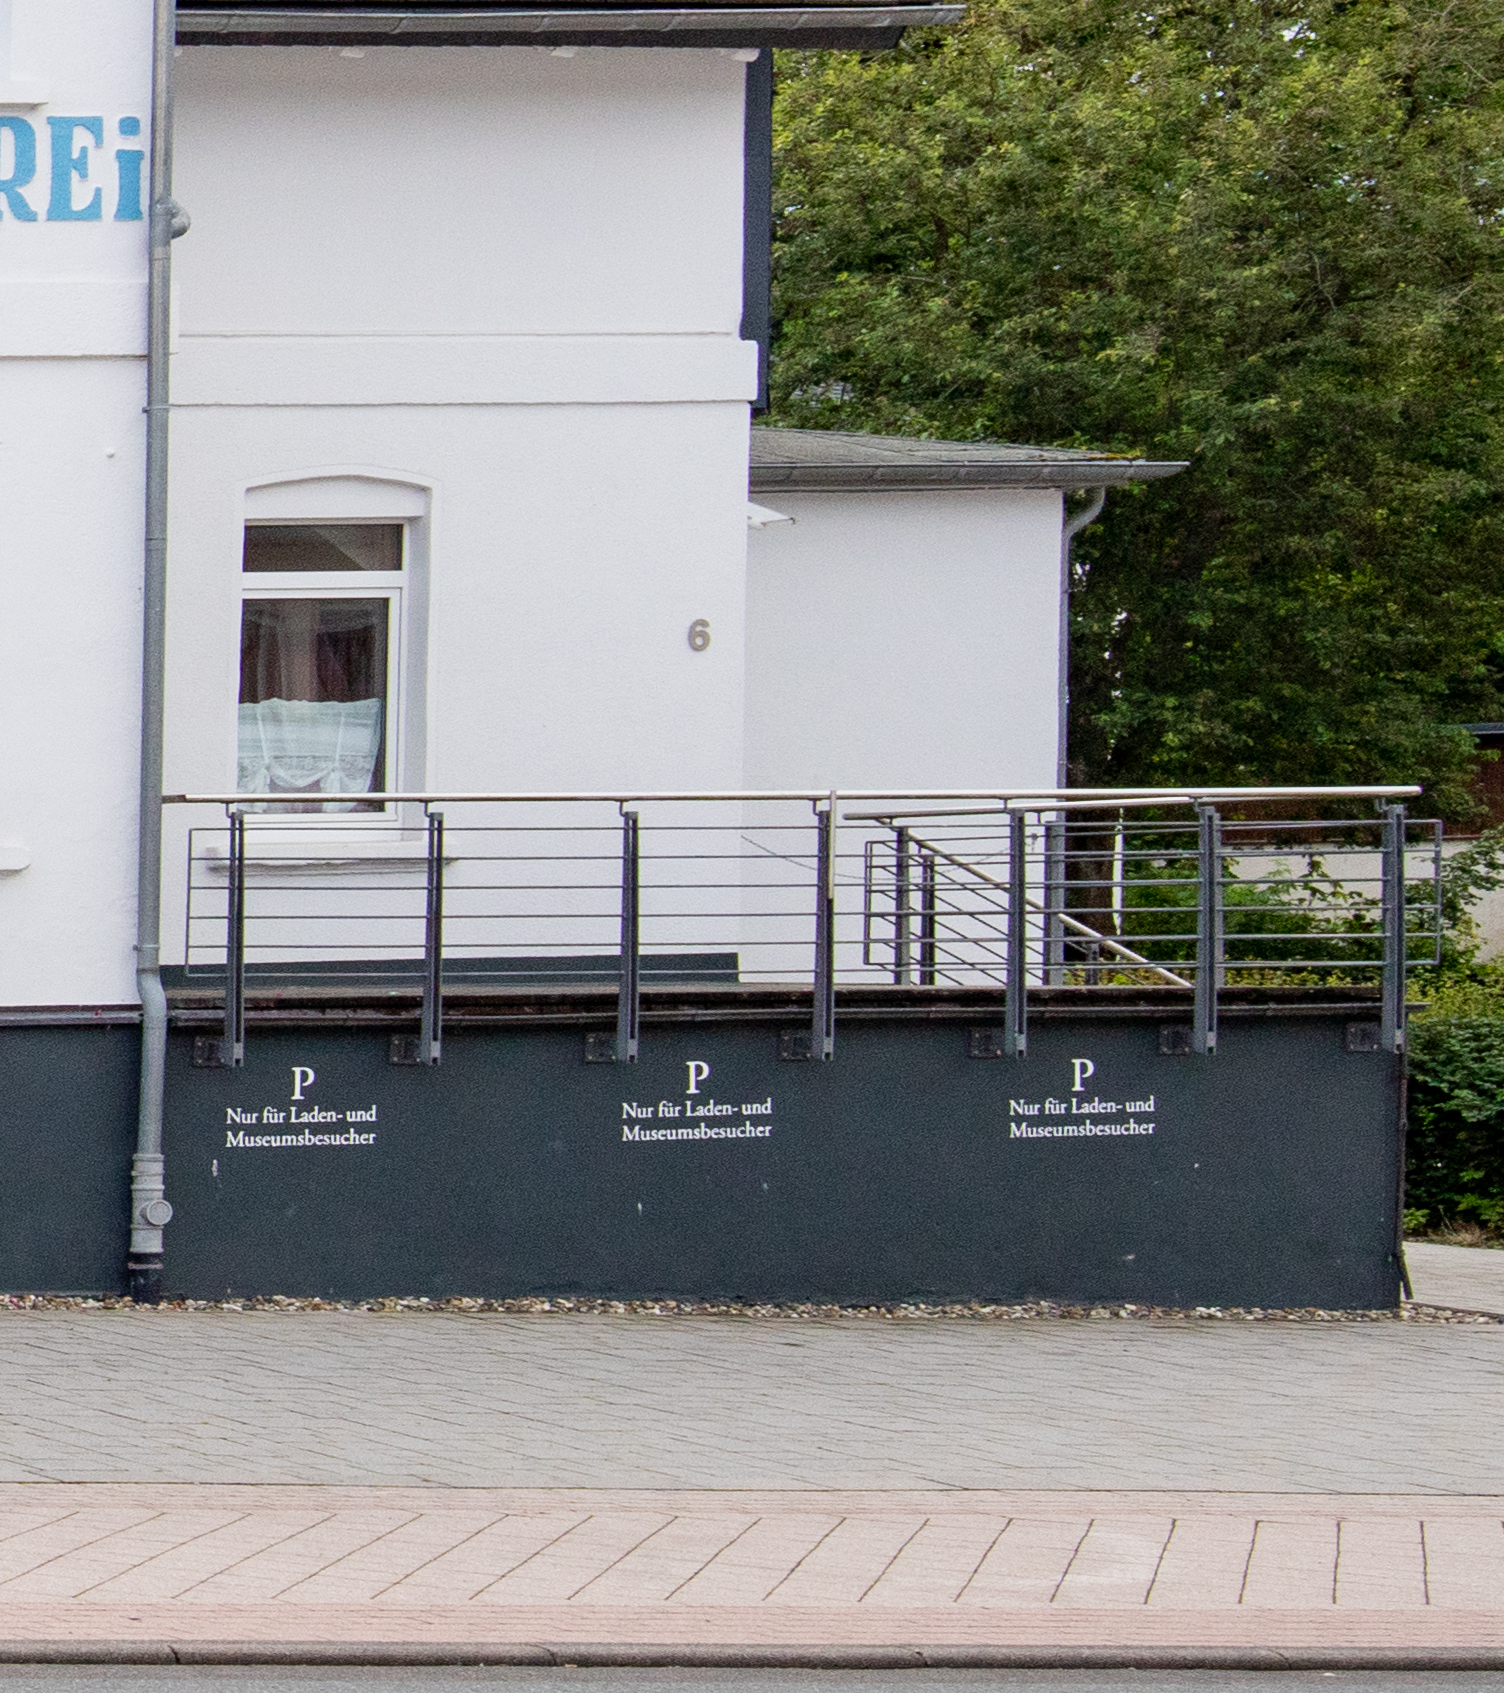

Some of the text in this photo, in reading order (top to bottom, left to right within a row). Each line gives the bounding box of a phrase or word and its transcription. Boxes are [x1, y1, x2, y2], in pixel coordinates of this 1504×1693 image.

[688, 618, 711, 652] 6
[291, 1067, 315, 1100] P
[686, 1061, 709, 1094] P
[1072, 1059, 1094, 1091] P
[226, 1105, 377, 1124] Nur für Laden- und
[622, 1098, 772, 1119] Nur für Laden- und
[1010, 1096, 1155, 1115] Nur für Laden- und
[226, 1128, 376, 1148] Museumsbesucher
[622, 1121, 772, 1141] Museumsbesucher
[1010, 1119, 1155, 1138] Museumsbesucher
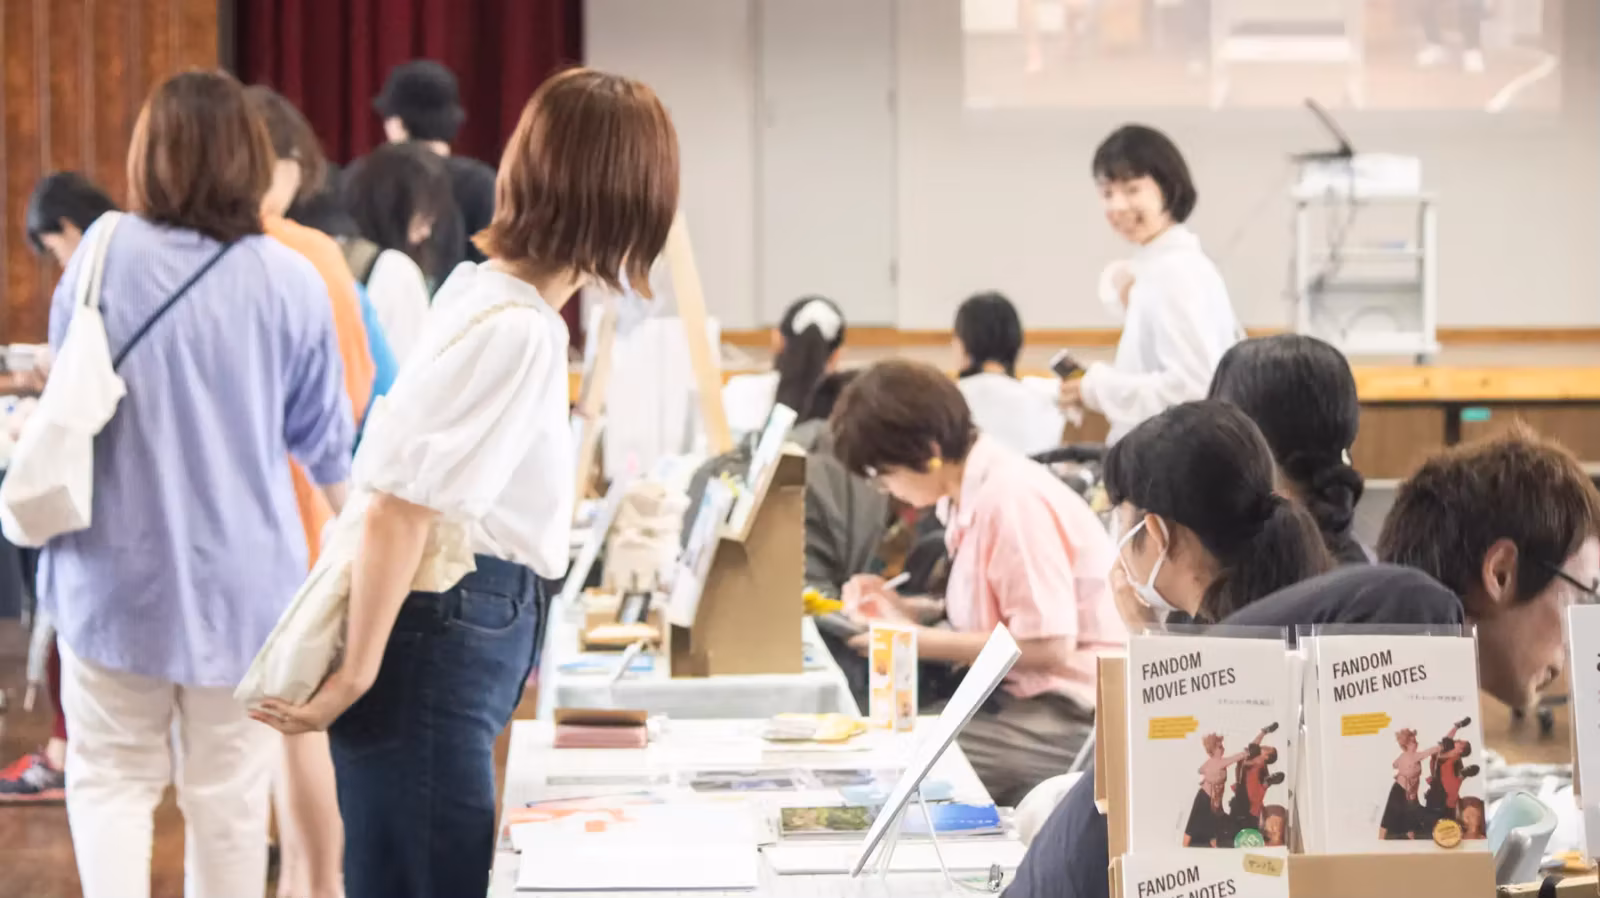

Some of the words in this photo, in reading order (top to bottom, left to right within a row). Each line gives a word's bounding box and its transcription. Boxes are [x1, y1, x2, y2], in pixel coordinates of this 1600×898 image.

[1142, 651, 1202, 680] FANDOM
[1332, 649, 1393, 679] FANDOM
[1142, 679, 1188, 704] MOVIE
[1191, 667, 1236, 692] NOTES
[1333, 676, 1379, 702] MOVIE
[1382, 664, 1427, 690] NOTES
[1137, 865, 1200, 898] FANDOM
============================================================
**EXERCISE INSTRUCTIONS:** A word-for-word copy of the data above is needed, one that omits the pictures.

**TASK RESPONSE:**
Some of the text in this photo, in reading order (top to bottom, left to right within a row). Each line gives the bounding box of a phrase or word and its transcription. Boxes are [x1, y1, x2, y2], in pixel coordinates of this 1504×1693 image.

[688, 618, 711, 652] 6
[291, 1067, 315, 1100] P
[686, 1061, 709, 1094] P
[1072, 1059, 1094, 1091] P
[226, 1105, 377, 1124] Nur für Laden- und
[622, 1098, 772, 1119] Nur für Laden- und
[1010, 1096, 1155, 1115] Nur für Laden- und
[226, 1128, 376, 1148] Museumsbesucher
[622, 1121, 772, 1141] Museumsbesucher
[1010, 1119, 1155, 1138] Museumsbesucher

Some of the words in this photo, in reading order (top to bottom, left to right within a row). Each line gives a word's bounding box and its transcription. Boxes are [x1, y1, x2, y2], in pixel coordinates of this 1600×898 image.

[1142, 651, 1202, 680] FANDOM
[1332, 649, 1393, 679] FANDOM
[1142, 679, 1188, 704] MOVIE
[1191, 667, 1236, 692] NOTES
[1333, 676, 1379, 702] MOVIE
[1382, 664, 1427, 690] NOTES
[1137, 865, 1200, 898] FANDOM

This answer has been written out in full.